ISPH 2013 – Inside fossil bones and teeth

Last week was the Second International Symposium on Paleohistology (ISPH.2013), hosted by the Museum of the Rockies in Bozeman, Montana.  Histology – the study of tissue – is a growing field in paleontology and is infiltrating all aspects of paleontological research. Paleontologists, specifically, study bone and tooth tissue of fossil and modern organisms.  Bone histology directly relates to the growth dynamics of an organism and helps researchers better understand the evolutionary history, development and maturation, and life history of extinct animals. This conference brought together some of the top researchers in the field of paleohistology – everyone from those who established the field decades ago, to the rising stars, to the students just beginning their scientific careers. As the Society of Vertebrate Paleontology grows larger and larger, these smaller, topical conferences seem to be growing in popularity and abundance, as they provide exceptional opportunities to develop projects, share research, and connect without other people in specific subfields. ISPH is no exception and was a fantastic conference with an international line-up of talks and productive break-out sessions; key-note talks were given by Dr. Jack Horner (Museum of the Rockies/Montana State University) and Dr. Jorge Cubo (Université Pierre et Marie Curie – Sorbonne Universités – Paris). Just check out the talk and poster titles!

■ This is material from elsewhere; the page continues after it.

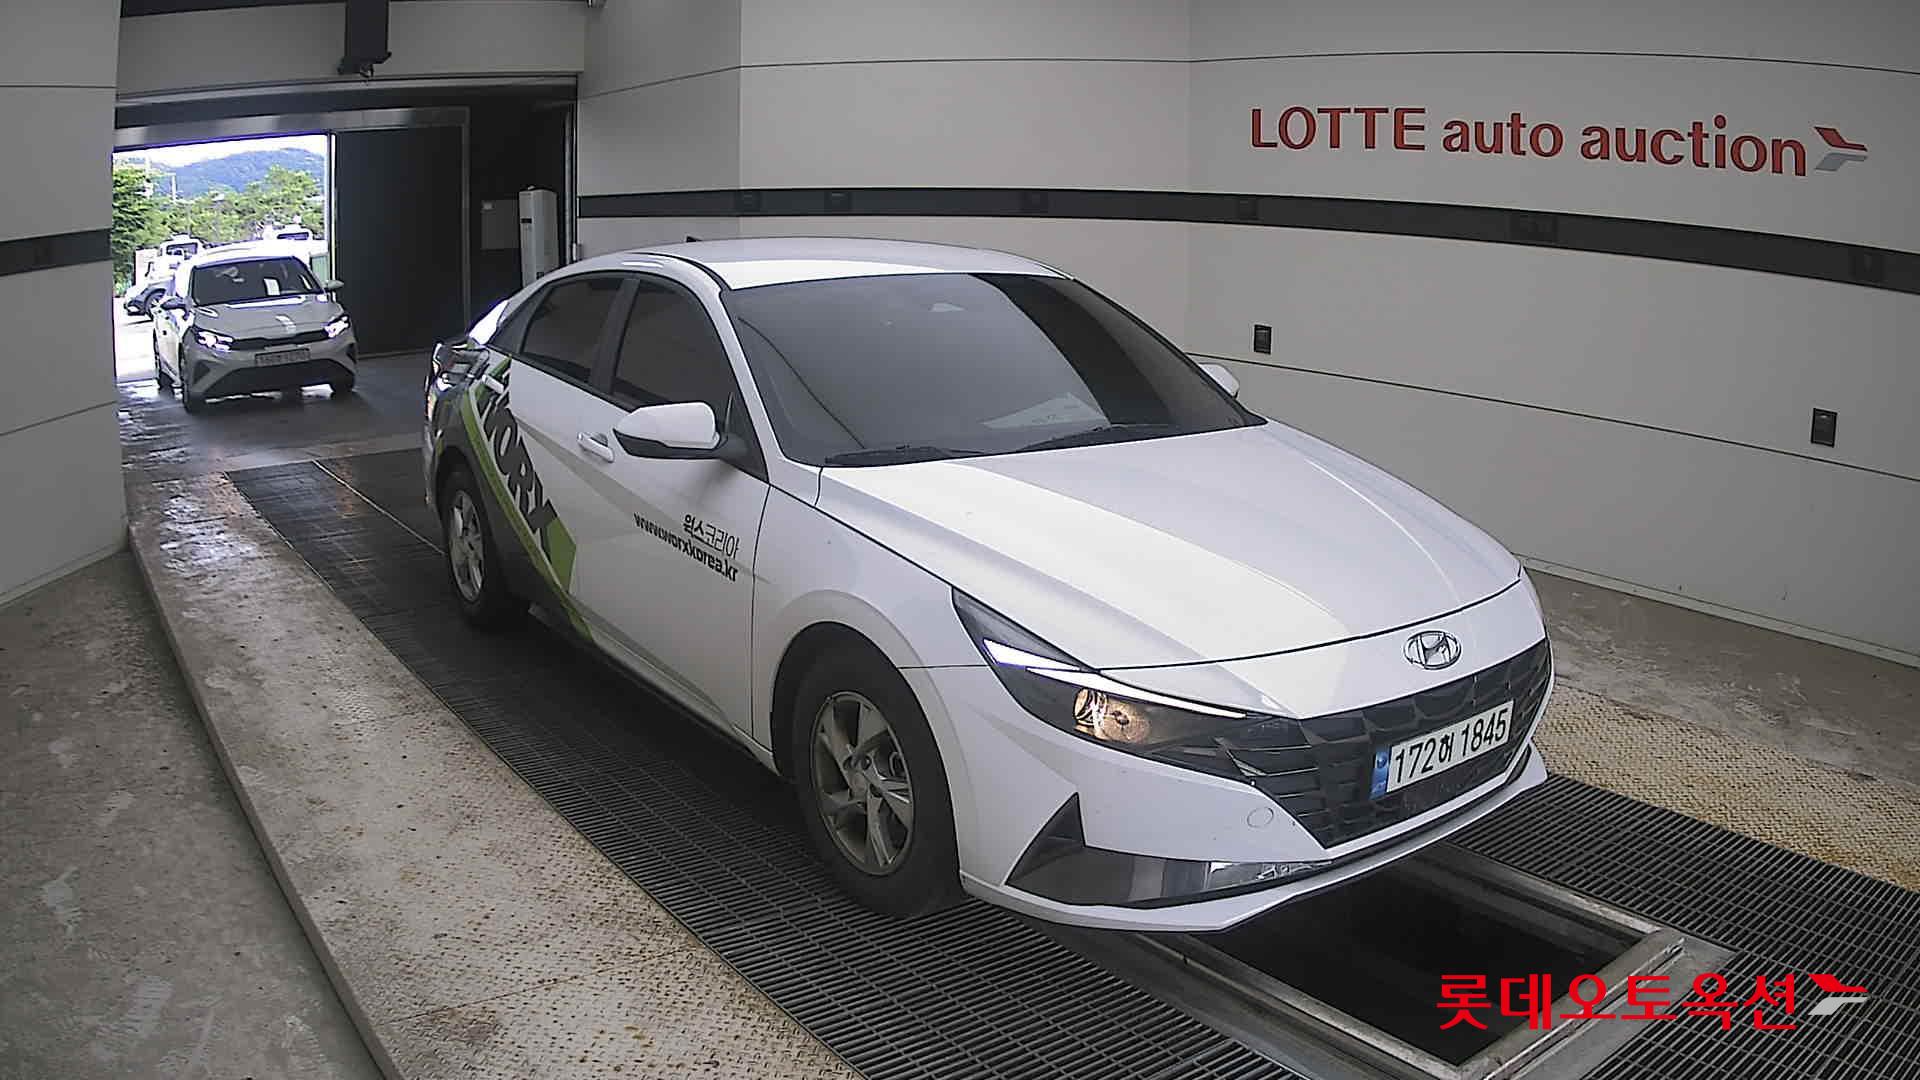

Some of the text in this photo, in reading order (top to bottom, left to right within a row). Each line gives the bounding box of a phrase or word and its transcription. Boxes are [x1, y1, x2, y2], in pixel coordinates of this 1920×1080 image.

[1251, 105, 1808, 178] LOTTE auto auction
[1460, 708, 1508, 757] 1845
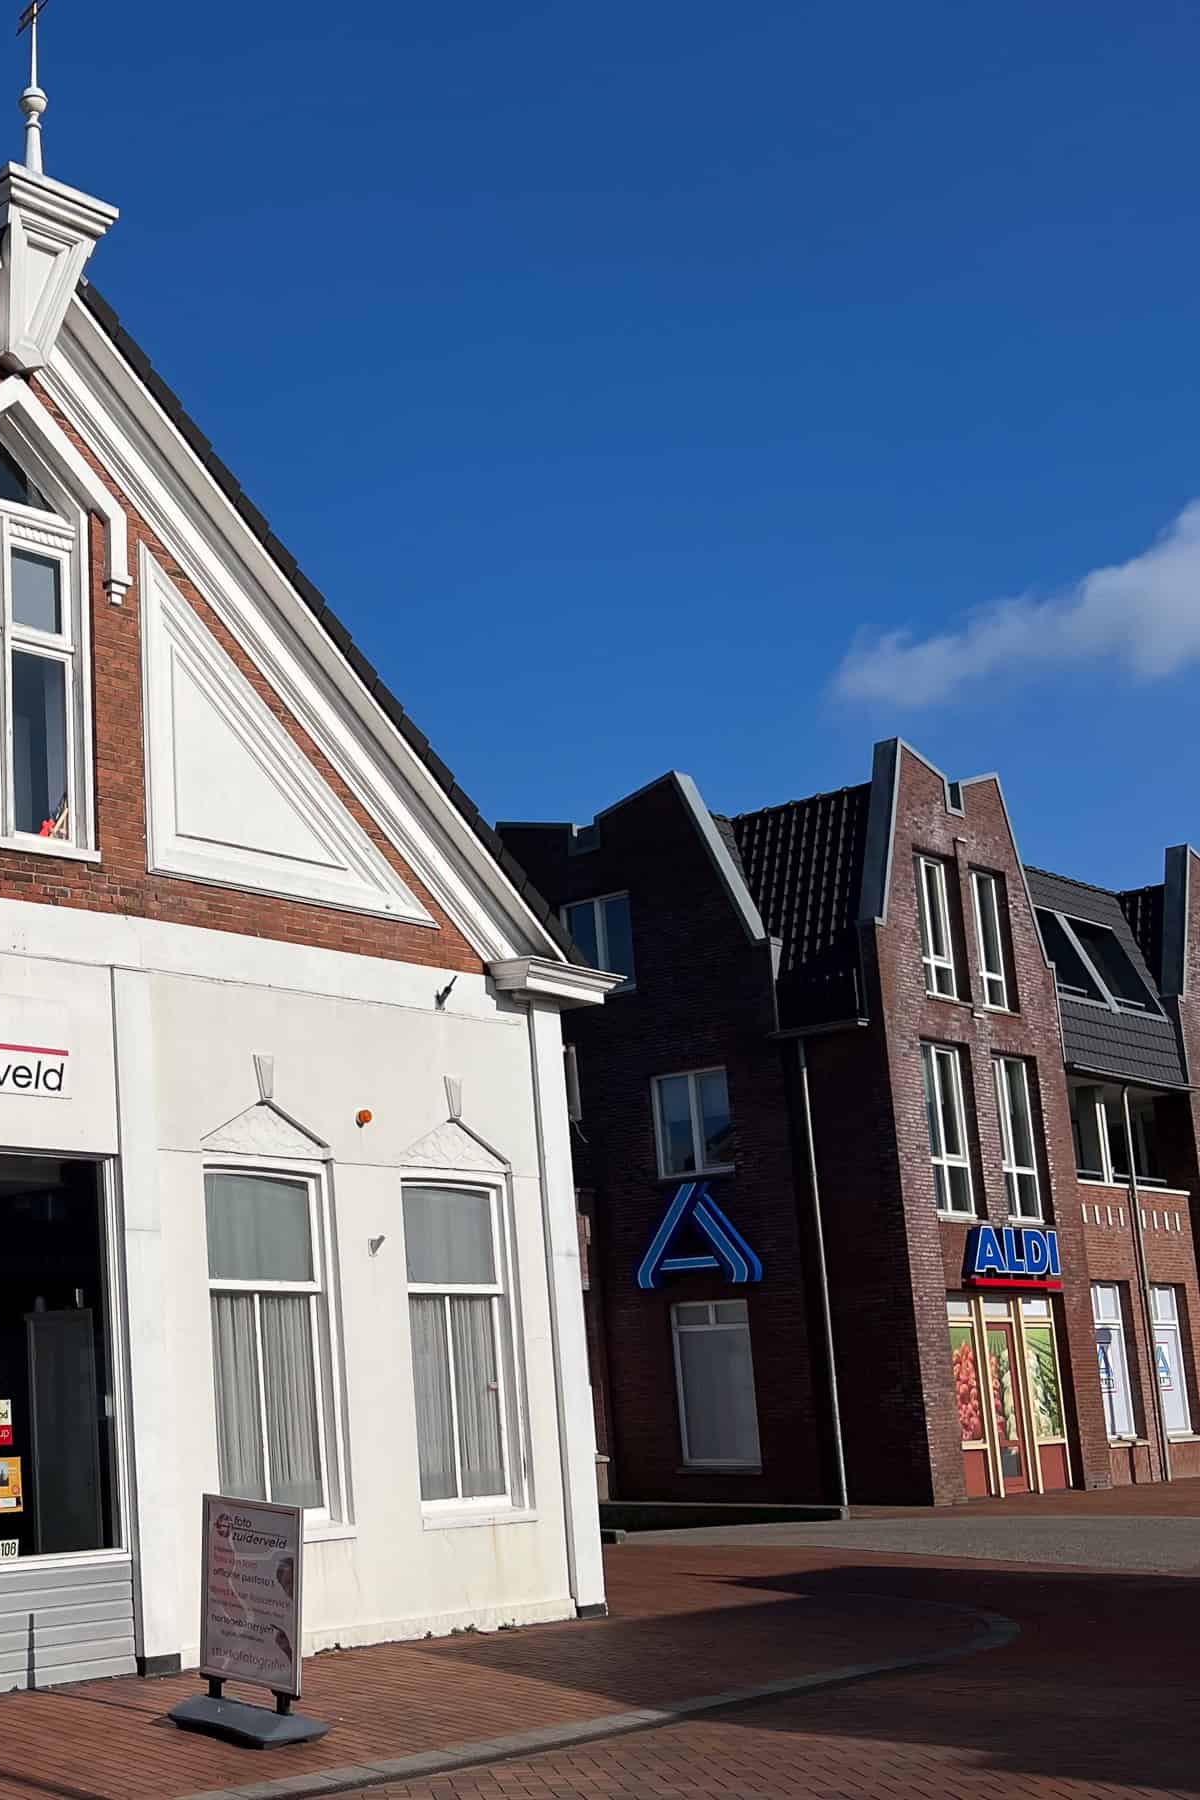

Adelie penguins have the most northern
(highest latitude) distribution of the three
Pygoscelis species

The paleontology department at the Sternberg Museum and Fort Hays State University was represented by a talk by Dr. Laura Wilson, co-authored by Dr. Karen Chin (University of Colorado, Boulder/University of Colorado Museum of Natural History), entitled: “Effects of Environment and Behavior on Bone Growth Patterns in Pygoscelis Penguins“.  The talk focused on analyzing the bone growth dynamics of living Adelie, Gentoo, and Chinstrap penguins in light of climatic, biogeographic, and migration parameters.  Focusing on a modern group of birds, this research provides insight into some of the factors (as well as complications) that needs to be considered when analyzing and interpreting growth patterns. This is a key factor to consider when studying extinct organisms (particularly avian and non-avian dinosaurs), so is highly applicable to paleontological research. 

This is just the beginning of histology research at the Sternberg Museum and FHSU, as we are in the process of setting up our own histology lab where we can produce and analyze our own fossil and modern bone specimens.  We look forward to continued analysis, student research, and intercollegiate and international collaborations into the future!